# Clown Fish Set up Help



## Chillwill007

*c/p*Ok this weekend i am goping to the petco $1 a gallon sale. I think i want to go with a couple of clown fish in this tank but i dont know which tank would be better. A 40 gallon breeder or a 55 gallon tall. i know they say get the biggest you can and at $40 or $55 i can do either. but the sales man said the 40 breeder would be better cause more surface area. fish wont go in for a while cause i will have to get filters and all that seprate pretty much just buying tankcause its on sale. what other things would i need so i can have healthy clown fish? do i plant this tank or use live rocks? do i need to make a sump? what other fish can i get with the clown fish? and what about a clean up crew? do i need an anamaine(spelling) and if so how do i take care of them?


----------



## GetITCdot

Listen if you litteraly want a tank with just a couple clowns or something...I would set it up like this:

Live sand, Live Rock
petco powerhead 
(if your cheap you can get 2 HOB filters) if you dont mind spending a few bucks you can get a canister filter
some decent power compacts.
some snails and crabs

That's just the setup for a clown fish tank.

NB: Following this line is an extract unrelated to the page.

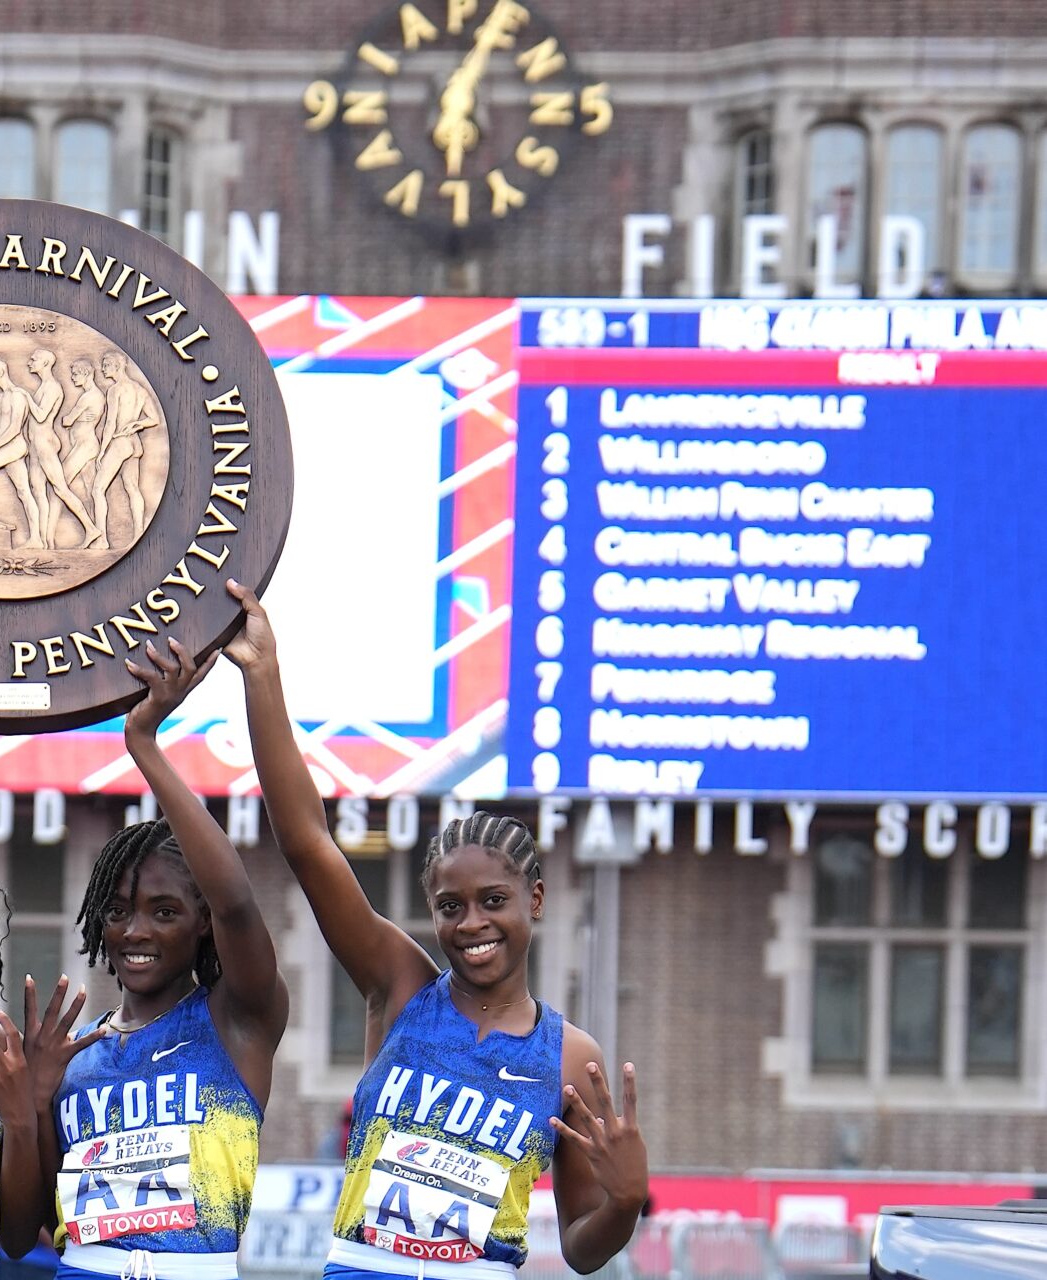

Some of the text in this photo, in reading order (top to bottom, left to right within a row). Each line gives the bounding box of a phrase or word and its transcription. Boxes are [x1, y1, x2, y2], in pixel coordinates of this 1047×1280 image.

Obviously people will disagree with me but honestly......it's 2 clown fish in a 40 gallon tank. You don't need much.

If you want an anemone...the entire system will need to change.


----------



## Chillwill007

ok well i would like to get a couple more fish but just to start i figured 2 clown fish since they say pair them up. but im sure i would want more fish down the road. so HOB means hang on back right? would i be able to use marine land bio wheels for this? and where is a good place to get live rock and sand? and if i want to add more clown fish about how many could i put in the 40 gallon tank? and no anemone. what kinda or how much live rock do i need? and since my other tank is a 5 gallon hex that i will be adding guppies and shrimp what else besides sea salt would i have to add to the 40 galln tank?


----------



## Chillwill007

ok i found a citron clown gobbie i think would look nice with the clown fish would this work? and if so how many of each do you think i could have?









citron clown gobbie fish










ocellaris clown fish


----------



## Chillwill007

is this filter good enough or over kill? its rated for 55 gallon - 75 gallons but it has a 2 pump set up and dual bio wheels.

Emperor Power Aquarium Filters - Sale - Fish - PetSmart


----------



## GetITCdot

the only real reason i said go with an HOB filter is because you were only going to be doing a couple fish....if you want an actual tank your going too need alot better. Canister filter or SUMP would be your best bet.


----------



## trouble93

I would say get a piece of paper a pencil and a calculator and do a cost analysis. One thing you don't want to do in this hobby is cut corners. Even for the simplest system you are talking a few hundred dollars. Even at a pound per gal. of live rock and that is on the low side. I like to do more like 1.5 to 2 pounds per gal. at maybe $5.00 lbs. @ a local fish store or you might luck and find it cheaper on line. Then there's sand, heater, power heads, test kits and so on. This way you know what you ear looking at.


----------



## archer772

Well I agree for the most part about cutting corners but you can use dry sand instead or live and you can always use dry base rock for about 1/3 of your total rock so that can save you a little


----------



## Chillwill007

ok so I think I might go with 5


----------



## Chillwill007

Ok so I'm think of going with 40g breeder tank, 50 lbs dry sand, about 60-80 lbs live rock, protine skimmer of some kind(any ideas), 1 high flowing power head or 2 smaller flowing power heads (which is better). As for stock a hairy mushroom, 2 of each fish I have up top, some sort of clean up crew. And I would like maybe 1 more fish. Something that would go with above fish. Any ideas or if you could put some pics of fish that would look nice with above fish.

Would this set up be good? Should I keep it at just 4 fish our could I add the 5th and it not be over kill? Suggestions our changes? Please all comments welcomed good or bad? Like started above really just trying to get everything down so I can start pricing and getting my game plan together. Only getting the tank tomorrow because of the sale. But will be collecting everything else slowly.


----------



## trouble93

archer772 said:


> Well I agree for the most part about cutting corners but you can use dry sand instead or live and you can always use dry base rock for about 1/3 of your total rock so that can save you a little


Those are some good cost saving points Scott, I guess I've been drinking coke a cola to long cause nothing beat the real thing.


----------